O Gordinho atrás do balcão, segue com o olhar analítico o movimento do salão do bar-restaurante, que está crescendo à proporção que a noite amadurece. É sempre assim às sextas-feiras à noite e, vendo o novo garçom que substitui o Emanuel, se lembra do ex-colega.

O Emanuel com aquelas suas desconfianças, mania de estudar as pessoas, lhe revelou, pedindo conveniência, segredo:

- Gordinho o tarado que violenta as mocinhas e as estrangula é o homem moreno, o cara bem-vestido, do carro cinza-prateado.

Ante a sua perplexidade, que o deixou sem voz, Emanuel prosseguiu falando:

- Já estudei tudo Gordinho. As vítimas coincidem com as meninas que recebem carona do sujeito e que depois aparecem violentadas, mortas, em locais ermos, afastados daqui do centro da cidade!

Detalhou-se com lógica e ele, Gordinho, sem voz, continuou escutando-o.

- Pensei Gordinho e... Vou denunciar pessoalmente tudo à polícia.

Aí, ele não mais se conteve e realista:

- Cara, tu é doido? Se quer denunciar, fala pelo telefone público, sem dar o nome. Deixa pra a polícia, à autoridade resolver os crimes. Cai fora desse “angu”. Você vai acabar mal. Fica na tua meu! Tou avisando, como amigo!

Emanuel nada respondeu e tornou às reflexões, enquanto ele, Gordinho, prático, se reentregou ao trabalho:

- Pega a bandeja. Vamos trabalhar! Esquece.

Tudo isso passou e, dias depois, o colega ao chegar a casa, tarde da noite, foi executado com seis disparos ao abrtir a porta para saber quem o chamava. “Queima de arquivo”. Alguém não desejava que ele continuasse com a investigação, na exibição dos detalhes que coincidiam com os assassinatos das jovens, já em número de cinco, todas alunas do Colégio “Passos da luz”, nas proximidades...

- Gordinho três “louras suadas” pra mesa ali do canto.

- Certo, moreno.

Volta-se e abrindo o freezer, retira as garrafas e, olhando para a mesa do homem moreno, bem-vestido que acaba de ocupar a mesa recuada, a preferida:

- Toma, leva também a dose de uísque pra o freguês ali e diz pra ele que vou providenciar a lagosta assada.

- Tudo bem.

O rapaz se afasta.

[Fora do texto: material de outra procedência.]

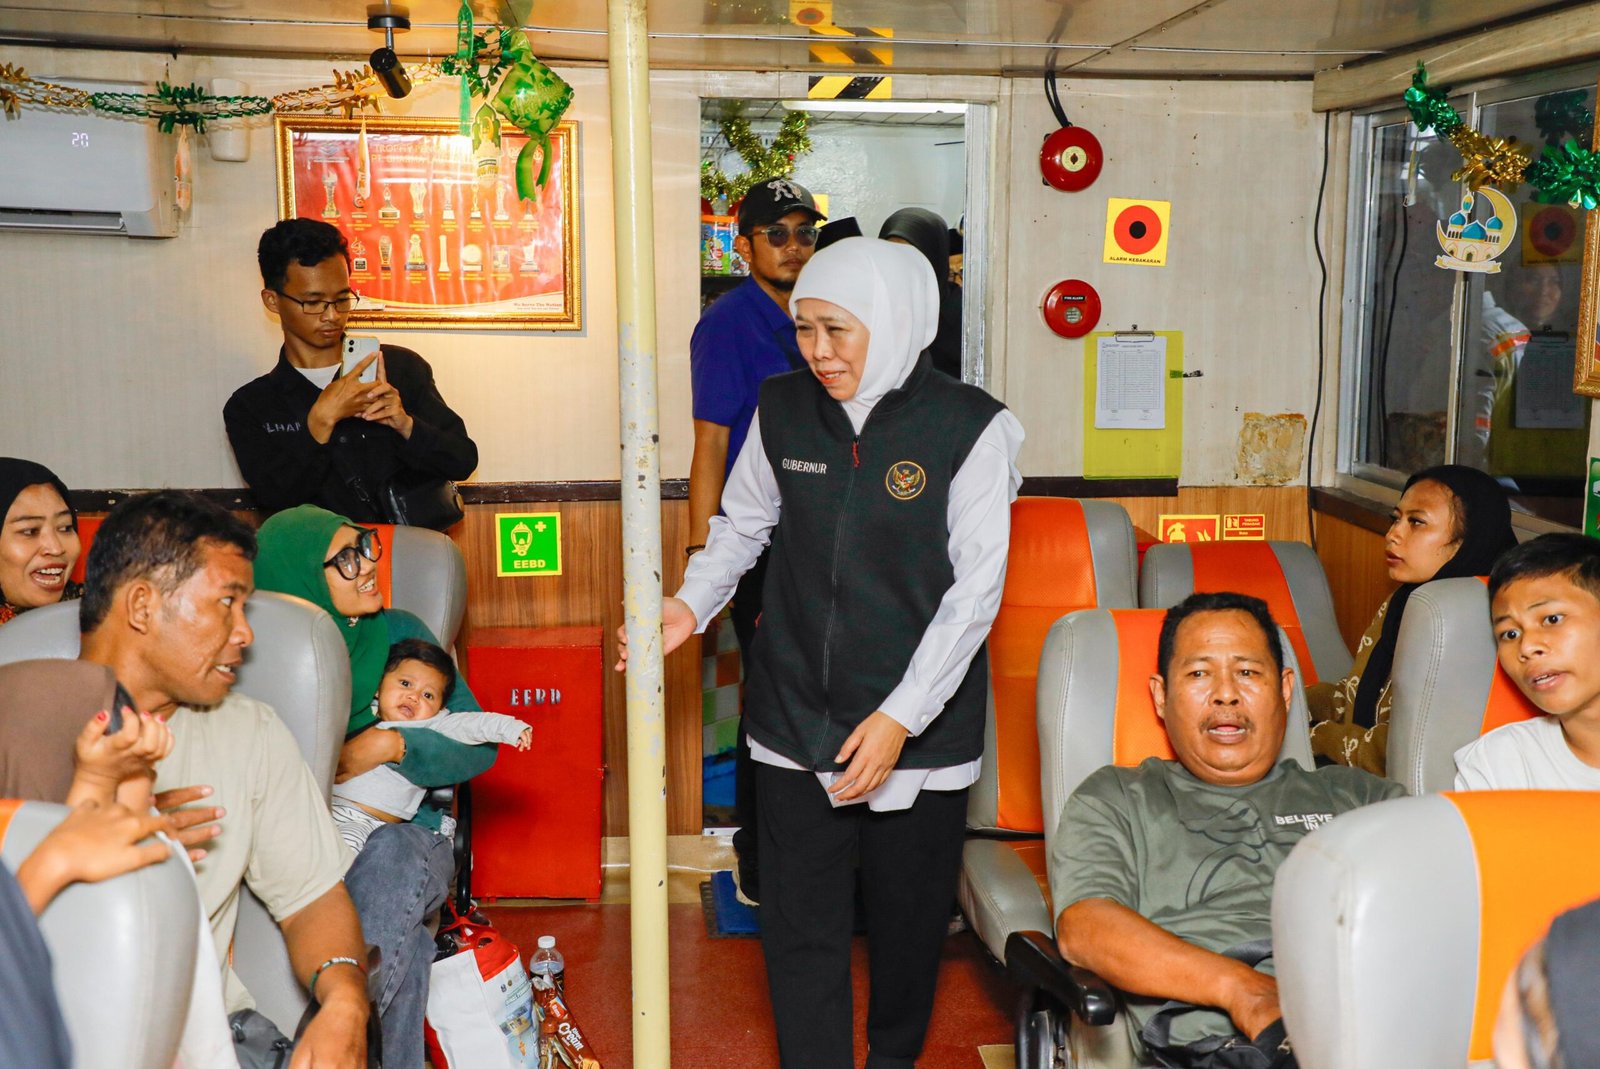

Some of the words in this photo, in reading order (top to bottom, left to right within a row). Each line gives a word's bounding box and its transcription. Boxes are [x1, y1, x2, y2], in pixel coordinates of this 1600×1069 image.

[71, 131, 89, 147] 20
[782, 457, 827, 474] GUBERNUR
[513, 559, 546, 569] EEBD
[1304, 821, 1319, 831] IN
[558, 1022, 584, 1051] Cream

Trabalhando. E Gordinho então, em voz baixinha, liberta o pensamento:

- Tudo continua. Emanuel foi que perdeu a via. Mas... Numa hora, num dia, tudo mudará.

Profissional, então espera a próxima solicitação de bandeja.

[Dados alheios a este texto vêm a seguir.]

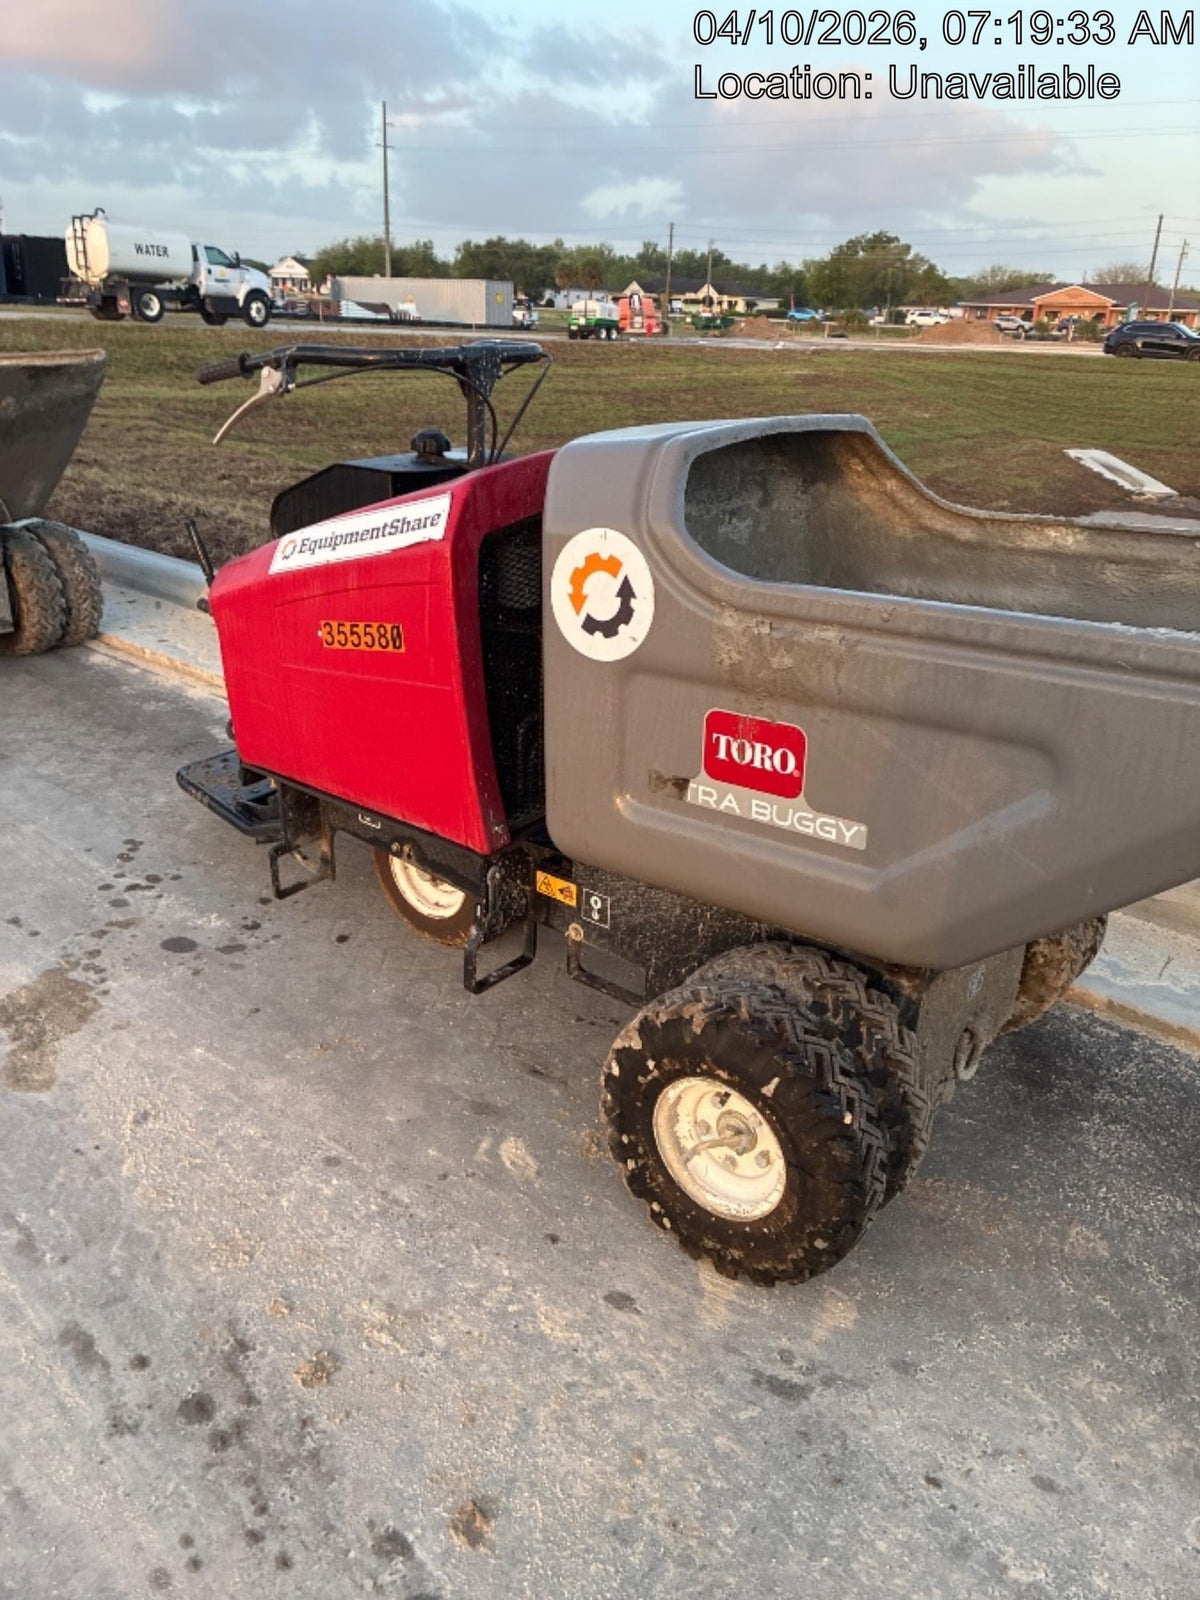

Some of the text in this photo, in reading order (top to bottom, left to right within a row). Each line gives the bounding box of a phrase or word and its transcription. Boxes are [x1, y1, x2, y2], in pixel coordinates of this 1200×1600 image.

[134, 243, 169, 257] WATER
[298, 512, 442, 555] EquipmentShare
[322, 621, 402, 650] 355580
[712, 733, 797, 775] TORO
[751, 799, 859, 844] BUGGY

À mesa, os olhos do homem moreno estudam o movimento do ambiente. E brilham maliciosos com a entrada da adolescente morena, alta, esguia, de bolsa de livros presa às costas e sorriso nos lábios vermelhos, lábios da cor do pecado.

6

O homem magro, envelhecido deixa o bar-restaurante.

Com o olhar analítico Gordinho o segue. Esse cara deu para aparecer. Tipo bem-vestido, calado. O ar ausente... Toma as cervejas cabisbaixo, entregue a si mesmo, ao seu mundo de introvertido, evitando aproximação, mas, assim é a vida, cada um com o seu mundo, sua história. Mistérios. Ninguém, na realidade, tem nada que se meter com os particulares do próximo!

- É o sensato!

O garçom então se avizinha:

- Duas doses de conhaque e um prato de galinha-a-cabidela.

- Certo.

O rapaz espera. Gordinho entra na sala conjugada, indo providenciar a comida.

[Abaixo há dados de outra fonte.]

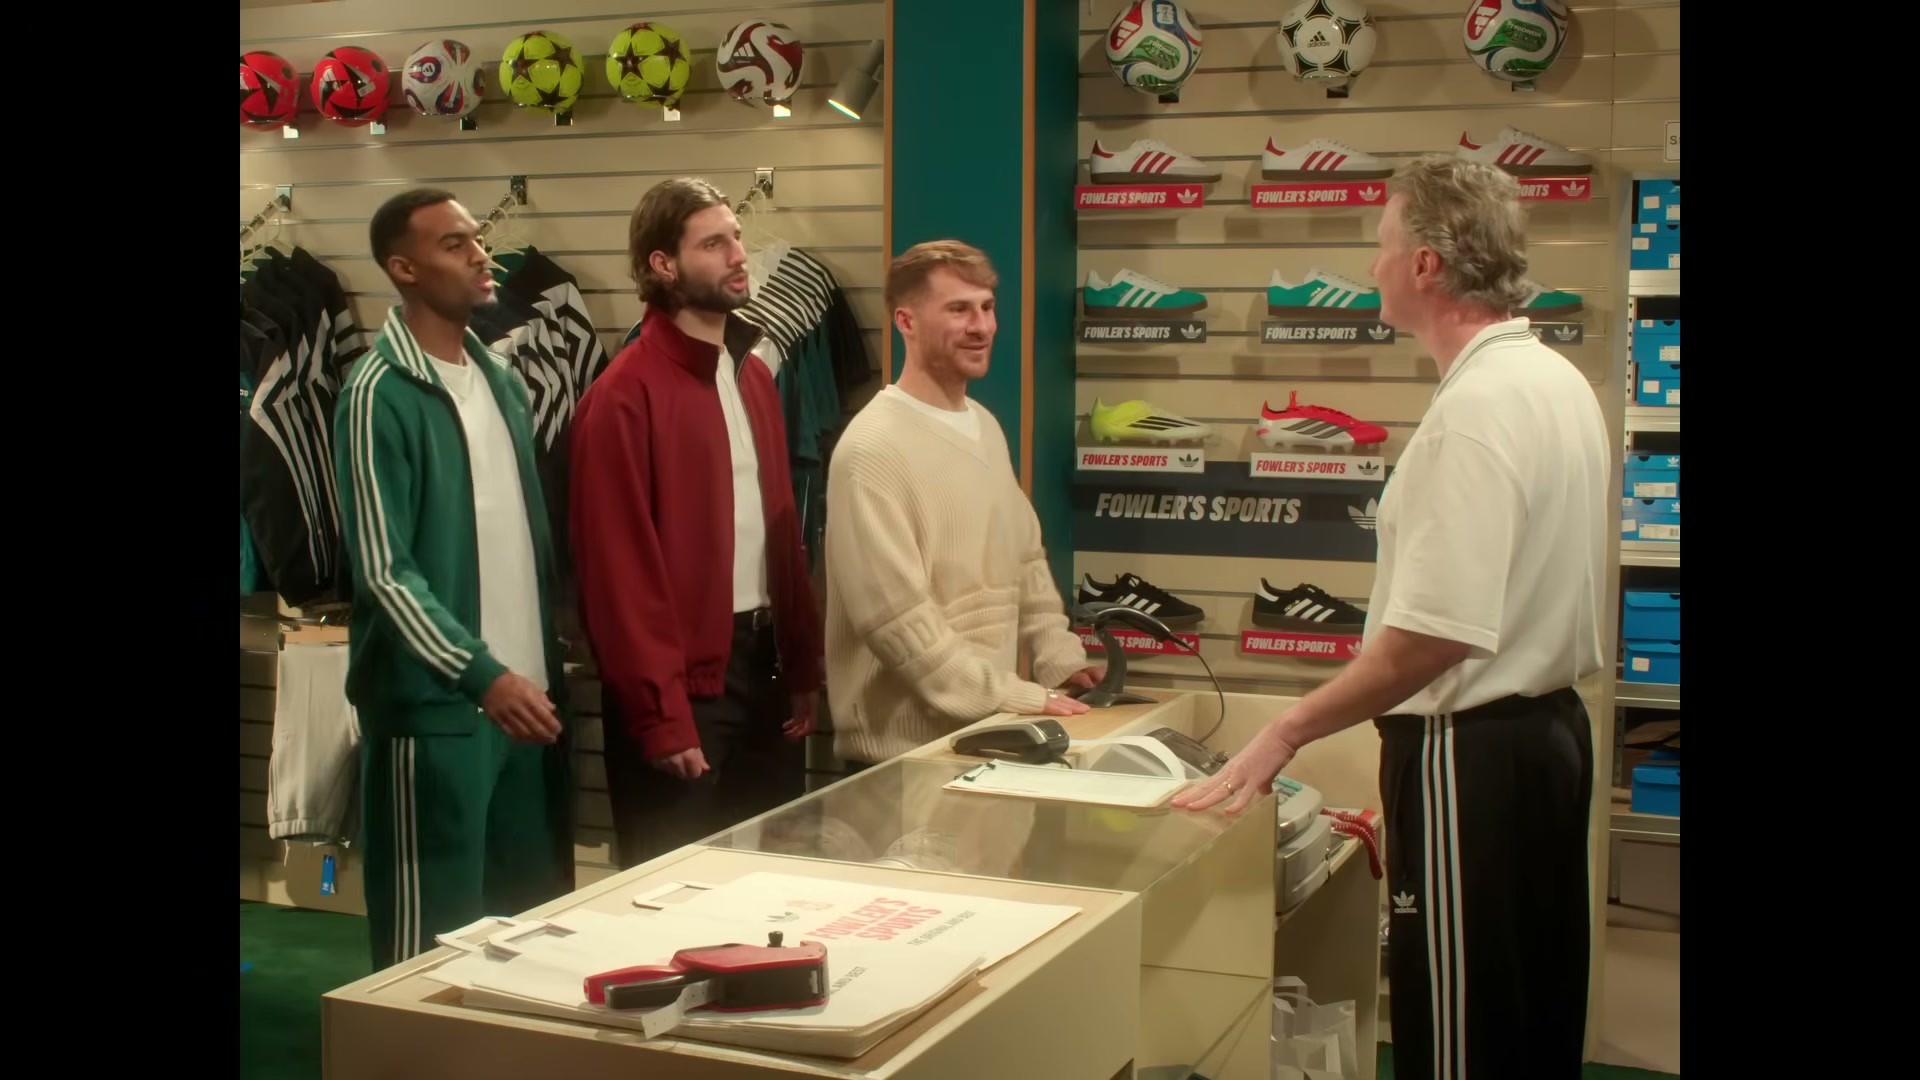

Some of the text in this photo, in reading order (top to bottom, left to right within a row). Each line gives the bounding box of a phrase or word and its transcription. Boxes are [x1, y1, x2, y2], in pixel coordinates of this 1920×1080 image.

[1080, 192, 1167, 205] FOWLER'S SPORTS
[1256, 189, 1348, 204] FOWLER'S SPORTS
[1084, 326, 1171, 339] FOWLER'S SPORTS
[1265, 327, 1358, 340] FOWLER'S SPORTS
[1082, 453, 1168, 467] FOWLER'S SPORTS
[1256, 459, 1346, 474] FOWLER'S SPORTS
[1095, 493, 1301, 524] FOWLER'S SPORTS
[1246, 637, 1336, 654] FOWLER'S SPORTS
[805, 897, 910, 939] FOWLER'S
[855, 906, 942, 940] SPORTS

O salão ferve com as vozes, o tilintar de talheres, arrastar de cadeiras, o som natural da noite de sexta-feira que amadurece.

Na calçada, o homem envelhecido movendo-se devagar cruza a avenida, em sentido ao carro estacionado na calçada oposta.

Chega. Abre a porta. Adentra. Parte. Cauteloso. Perscrutando as laterais, com residências de moradores sem aparecer. Resguardados. Na precaução de uma cena imprevista. Portas e janelas fechadas. As luzes das varandas acesas. Os jardins pequenos vazios. O carro avança.

Adiante está o abrigo para os que esperam os coletivos, com uma mulher baixa, gorda e uma adolescente de bolsa presa às costas. Uma colegial. Magra. Alta. Esguia. Feminina.

O homem então sorri, prevendo o que “curtirá”...

- Aceita uma carona menina?

A mocinha se volta, relutante, enquanto a mulher ao lado, faz que nada percebe, desviando o rosto, no fingido interesse de avistar o coletivo ao dobrar a esquina próxima.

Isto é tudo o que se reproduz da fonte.